A homemade dressing and sugared pecans dress up this fruit-filled green salad. When fresh berries are out of season, try substituting dried fruits. —Bonnie Jost, Manitowoc, Wisconsin
- 1/2 cup sugar
- 1 cup chopped pecans
- 1 package (6 ounces) fresh baby spinach
- 2 cups sliced fresh strawberries
- 1 cup fresh blueberries
- 1/4 cup balsamic vinegar
- 2/3 cup fresh strawberries
- 1 teaspoon sugar
- 3/4 teaspoon onion powder
- 1/2 teaspoon salt
- 1/4 teaspoon pepper
- 2/3 cup olive oil
- In a small heavy skillet over medium-low heat, cook sugar until it begins to melt. Gently drag melted sugar to the center of pan so sugar melts evenly. Cook, without stirring, until sugar is dark reddish brown, about 15 minutes.

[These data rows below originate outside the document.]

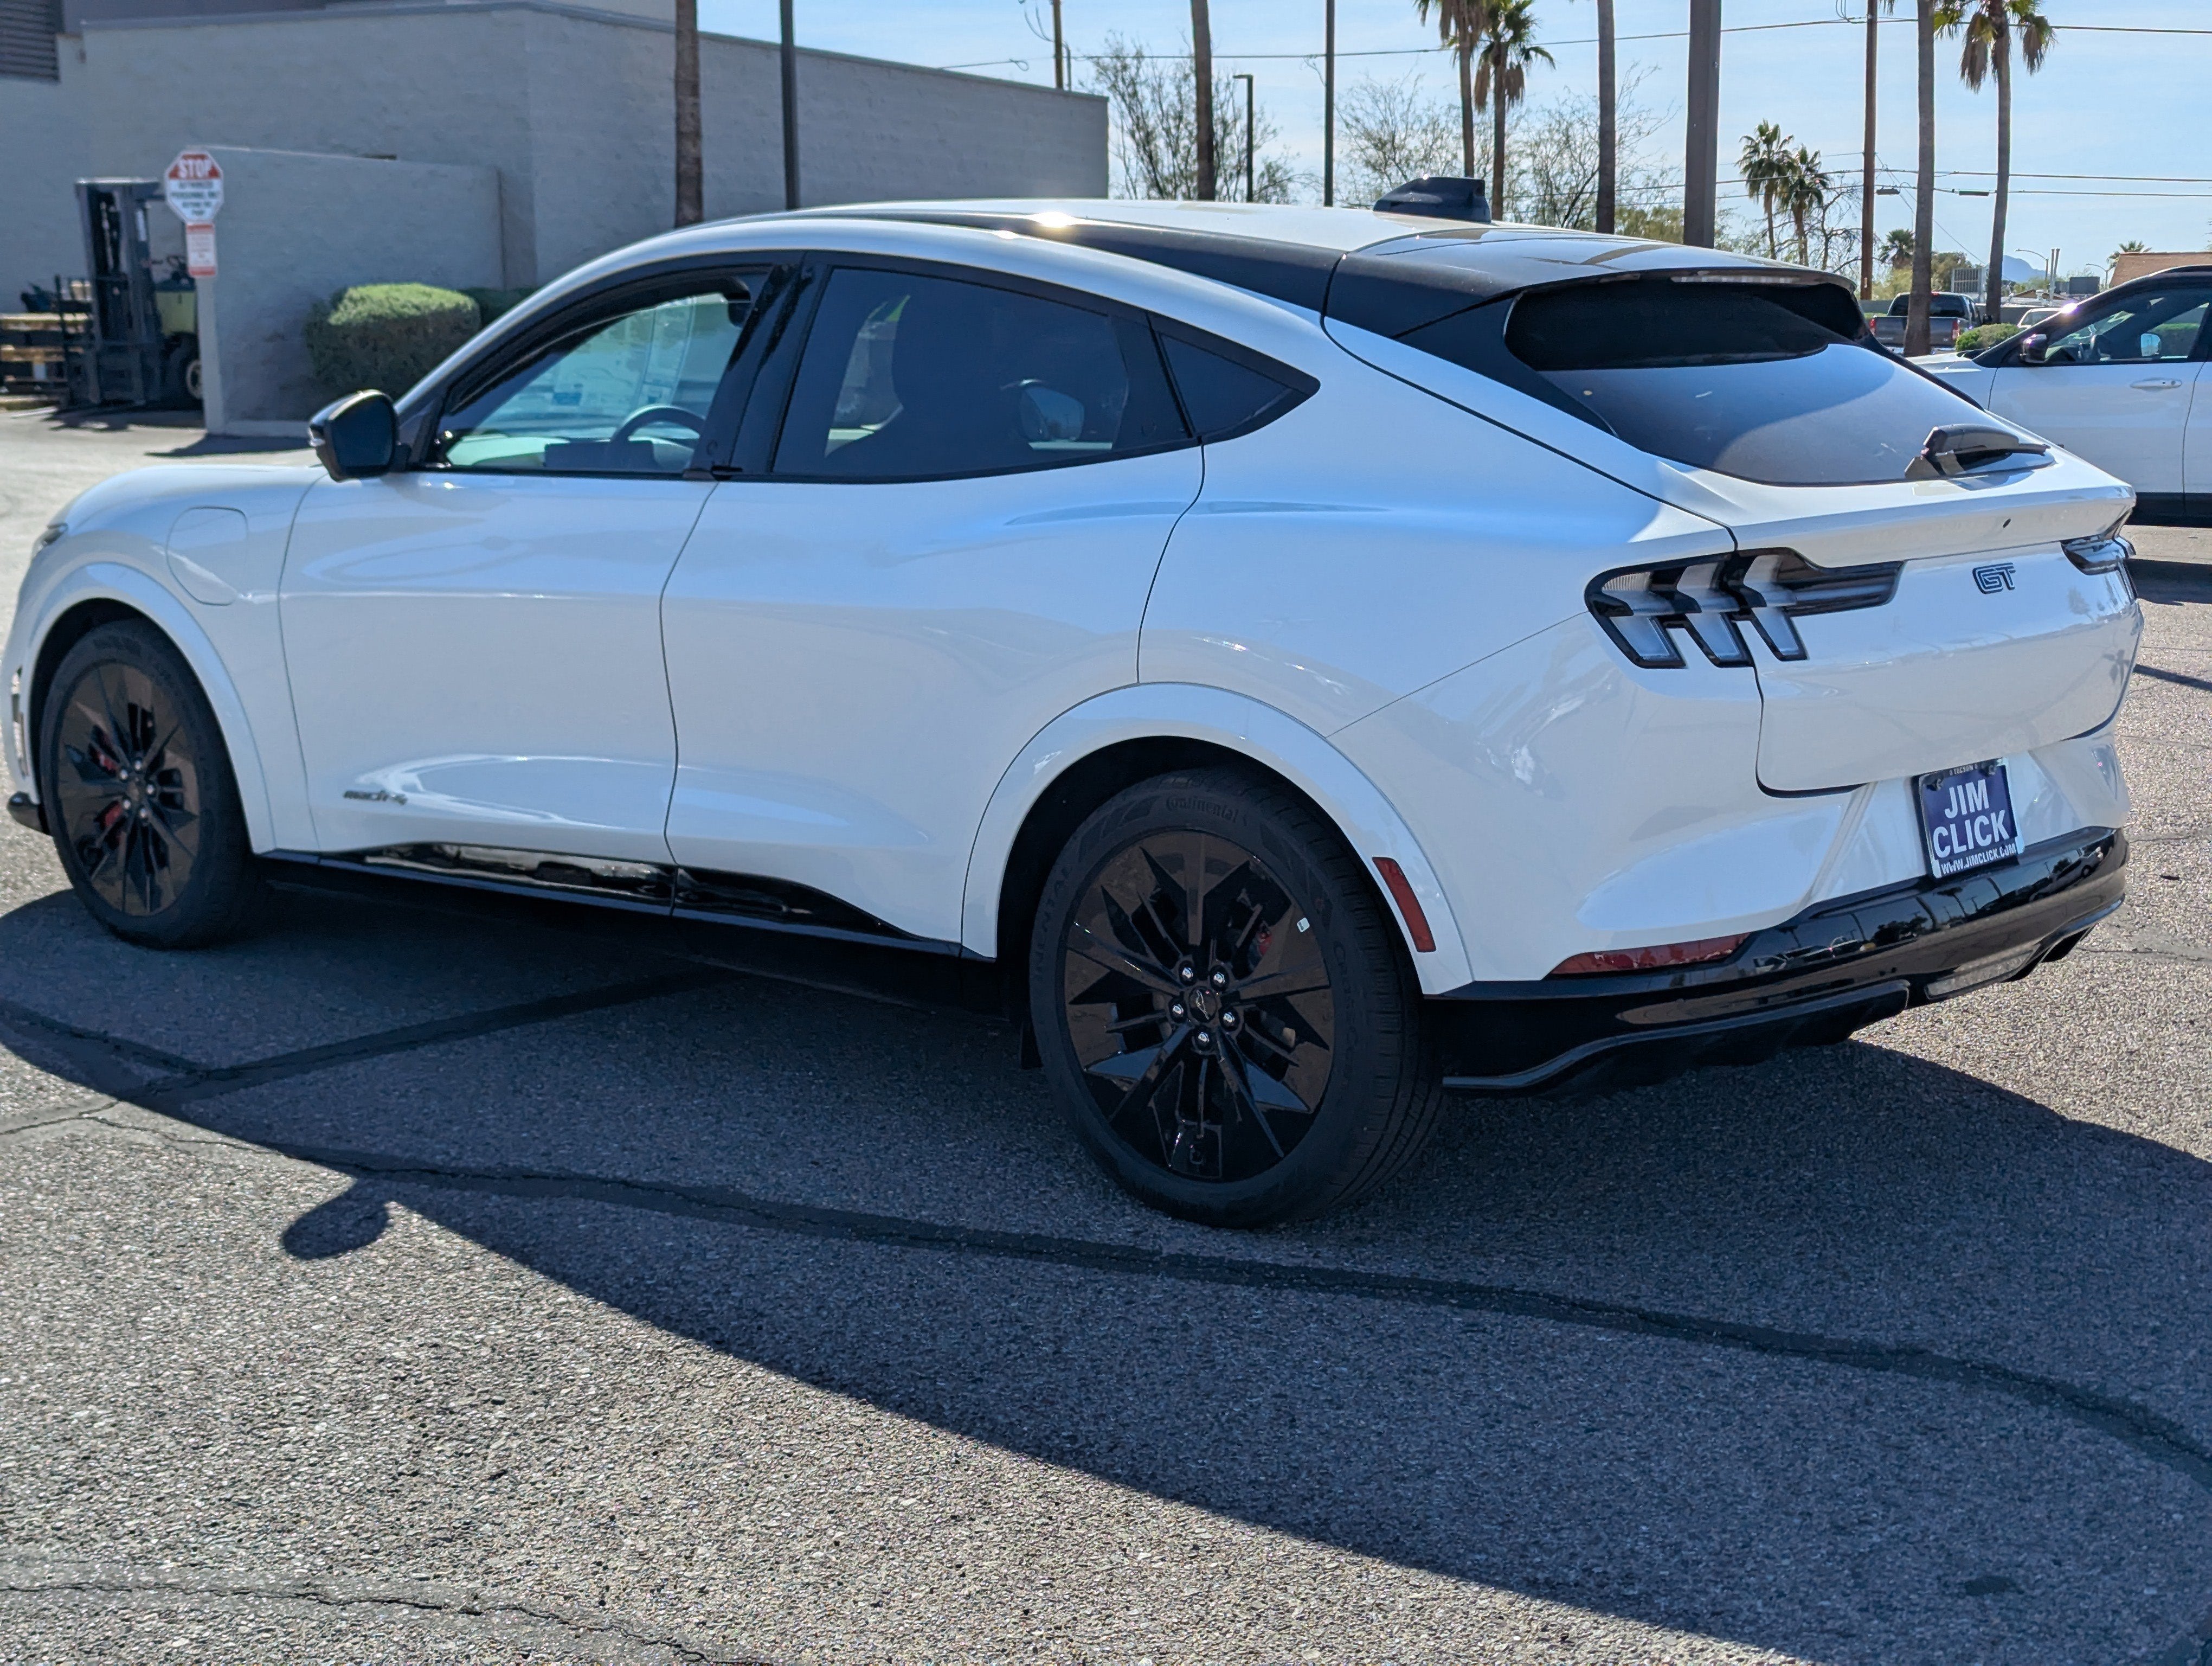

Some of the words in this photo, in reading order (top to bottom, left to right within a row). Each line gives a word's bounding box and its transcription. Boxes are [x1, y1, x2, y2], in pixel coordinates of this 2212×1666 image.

[179, 159, 211, 178] STOP
[1972, 562, 2016, 594] GT
[1944, 779, 1989, 818] JIM
[1933, 810, 2010, 858] CLICK
[1941, 843, 2017, 875] WWW.JIMCLICK.COM

- Remove from the heat; stir in pecans. Pour onto a foil-lined baking sheet; cool completely. Break pecans apart if necessary.

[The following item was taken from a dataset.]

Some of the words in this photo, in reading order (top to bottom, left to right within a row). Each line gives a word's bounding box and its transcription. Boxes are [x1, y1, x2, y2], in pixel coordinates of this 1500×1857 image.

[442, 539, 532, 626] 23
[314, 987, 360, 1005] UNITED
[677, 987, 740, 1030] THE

- In a salad bowl, combine the spinach, strawberries and blueberries. Place the first six dressing ingredients in a blender; cover and process until pureed. While processing, gradually add oil in a steady stream.
- Just before serving, drizzle salad with dressing; toss to coat. Top with sugared pecans. Yield: 8 servings.